> What is expected:
A faithful, word-for-word copy of the data below is required, without pictures.

(Provided material)

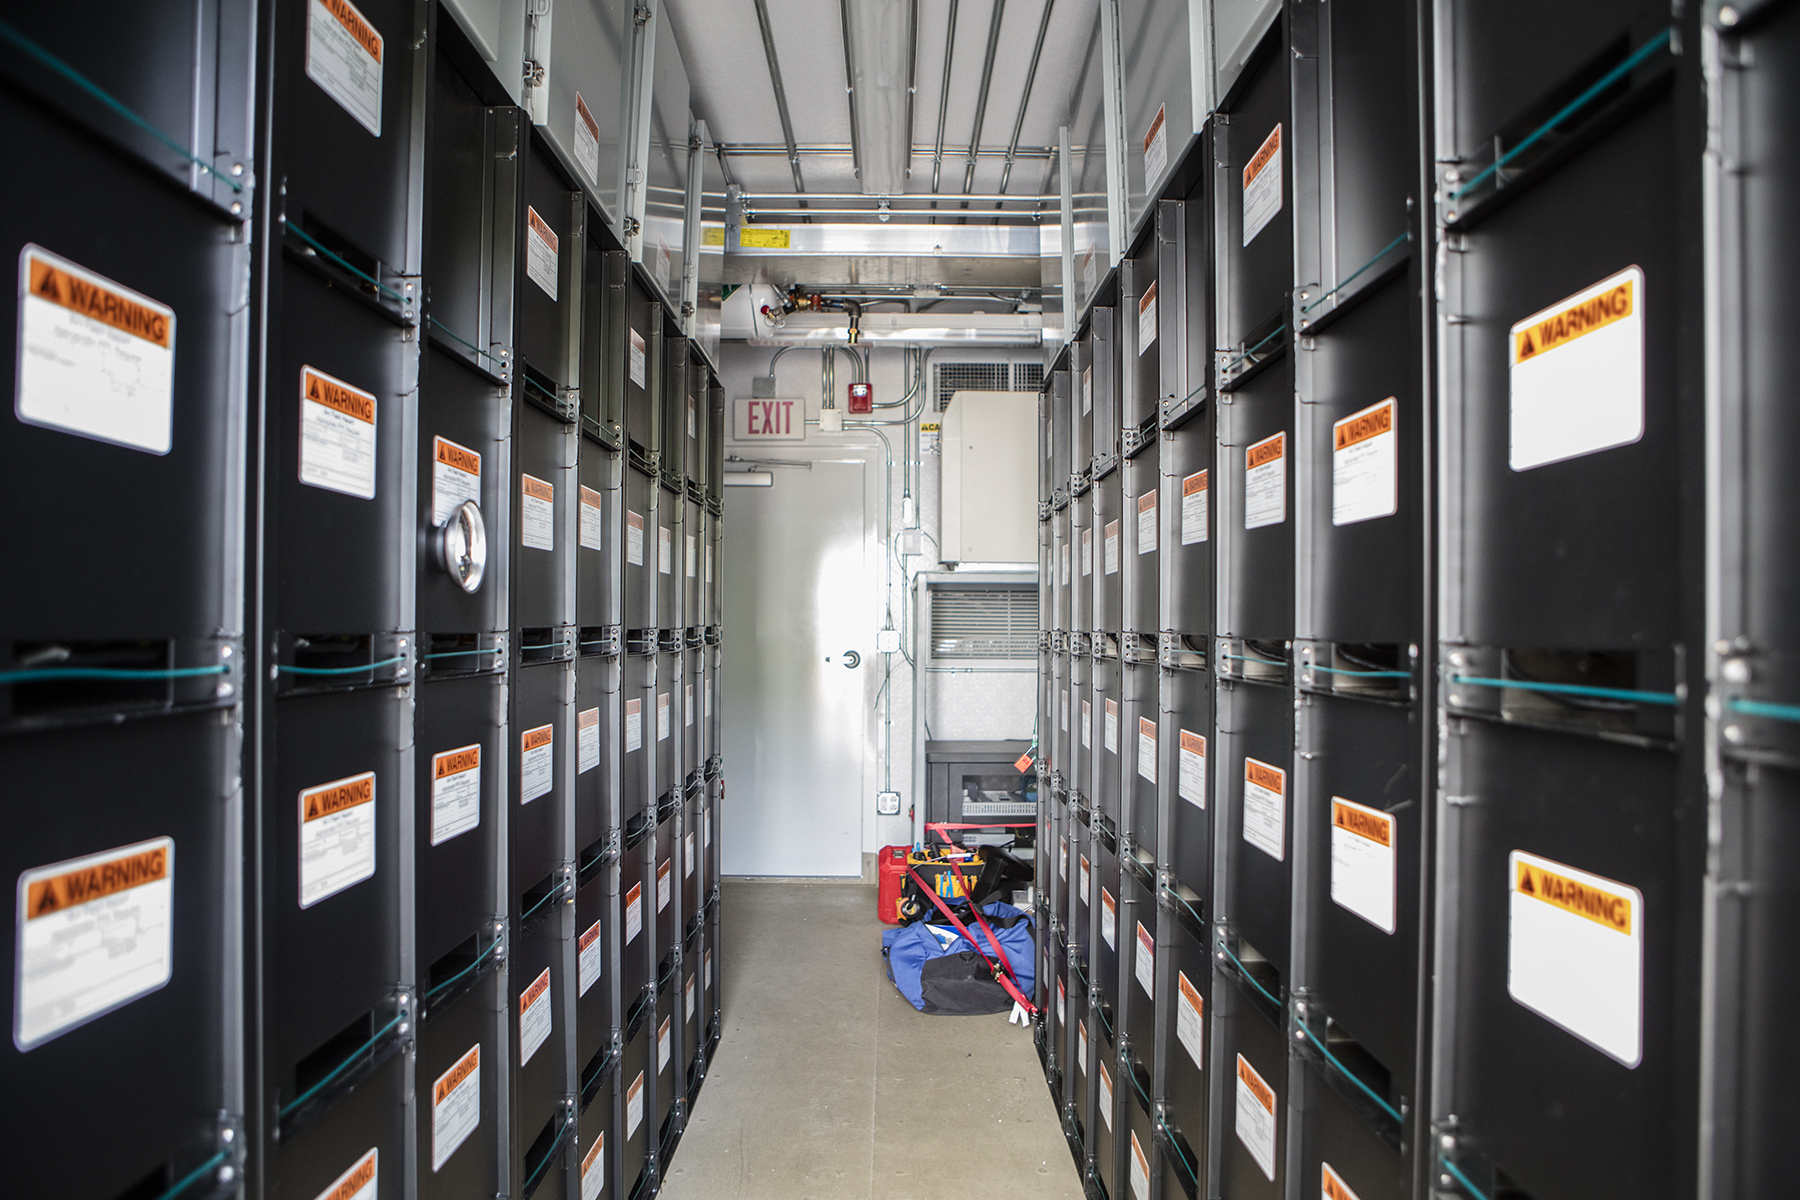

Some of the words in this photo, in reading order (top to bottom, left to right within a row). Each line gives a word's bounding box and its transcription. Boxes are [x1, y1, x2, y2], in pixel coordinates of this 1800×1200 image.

[1252, 133, 1278, 176] WARNING
[68, 276, 164, 341] WARNING
[1539, 285, 1628, 347] WARNING
[323, 382, 372, 419] WARNING
[748, 401, 794, 434] EXIT
[1347, 408, 1388, 441] WARNING
[447, 447, 478, 472] WARNING
[1255, 439, 1281, 463] WARNING
[530, 480, 551, 500] WARNING
[530, 728, 551, 747] WARNING
[447, 750, 478, 772] WARNING
[1254, 766, 1280, 791] WARNING
[322, 780, 371, 812] WARNING
[1346, 808, 1387, 841] WARNING
[66, 850, 163, 900] WARNING
[1540, 873, 1625, 928] WARNING
[446, 1051, 477, 1091] WARNING
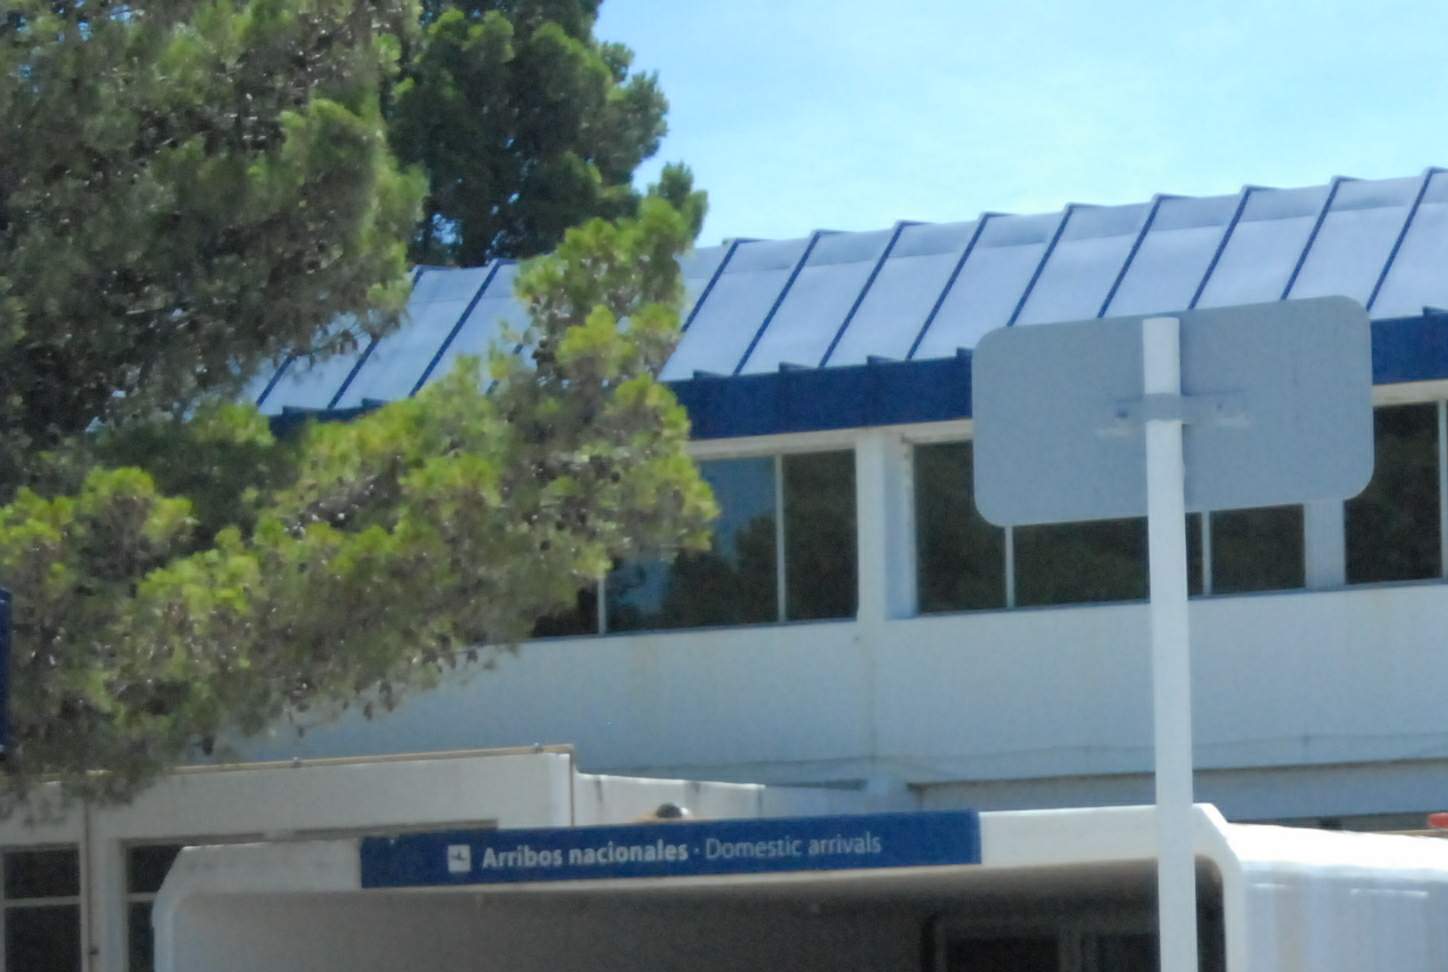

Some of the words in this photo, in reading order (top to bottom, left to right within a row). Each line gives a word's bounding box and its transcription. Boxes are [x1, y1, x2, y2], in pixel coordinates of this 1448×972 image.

[482, 845, 563, 868] Arribos
[568, 839, 689, 865] nacionales
[705, 835, 802, 860] Domestic
[808, 831, 882, 855] arrivals
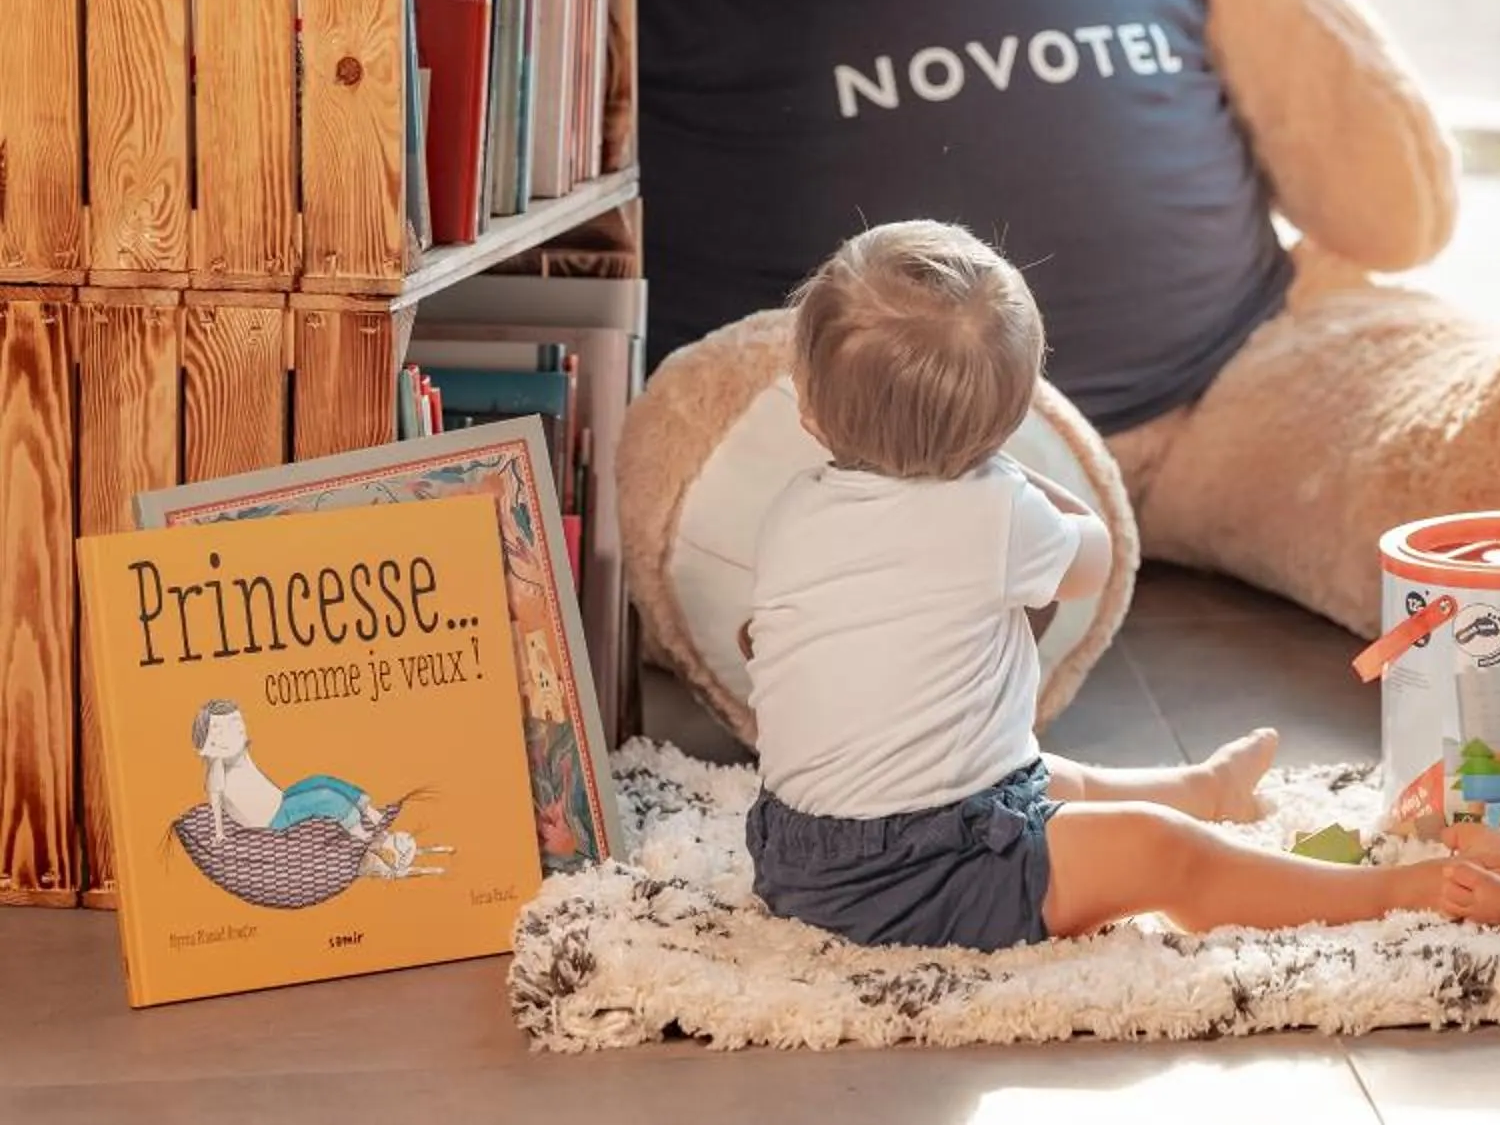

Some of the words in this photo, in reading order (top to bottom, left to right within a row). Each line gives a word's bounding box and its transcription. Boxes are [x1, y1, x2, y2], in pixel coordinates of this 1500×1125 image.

(End Provided material)

> Completed exercise:
Some of the words in this photo, in reading order (top to bottom, left to right within a row). Each line gives a word's bounding box and its transcription. Boxes are [x1, y1, x2, y2], in pixel coordinates of this 1800×1200 image.

[1252, 133, 1278, 176] WARNING
[68, 276, 164, 341] WARNING
[1539, 285, 1628, 347] WARNING
[323, 382, 372, 419] WARNING
[748, 401, 794, 434] EXIT
[1347, 408, 1388, 441] WARNING
[447, 447, 478, 472] WARNING
[1255, 439, 1281, 463] WARNING
[530, 480, 551, 500] WARNING
[530, 728, 551, 747] WARNING
[447, 750, 478, 772] WARNING
[1254, 766, 1280, 791] WARNING
[322, 780, 371, 812] WARNING
[1346, 808, 1387, 841] WARNING
[66, 850, 163, 900] WARNING
[1540, 873, 1625, 928] WARNING
[446, 1051, 477, 1091] WARNING

Some of the words in this photo, in reading order (top to bottom, left to right within a row). Each line gives a word's bounding box and its transcription. Boxes are [x1, y1, x2, y2], in pixel coordinates of this 1448×972 image.

[482, 845, 563, 868] Arribos
[568, 839, 689, 865] nacionales
[705, 835, 802, 860] Domestic
[808, 831, 882, 855] arrivals

Some of the words in this photo, in reading order (top to bottom, left to right within a row). Each line gives a word's bounding box and its transcription. Boxes are [x1, y1, x2, y2], in pixel coordinates of this 1500×1125 image.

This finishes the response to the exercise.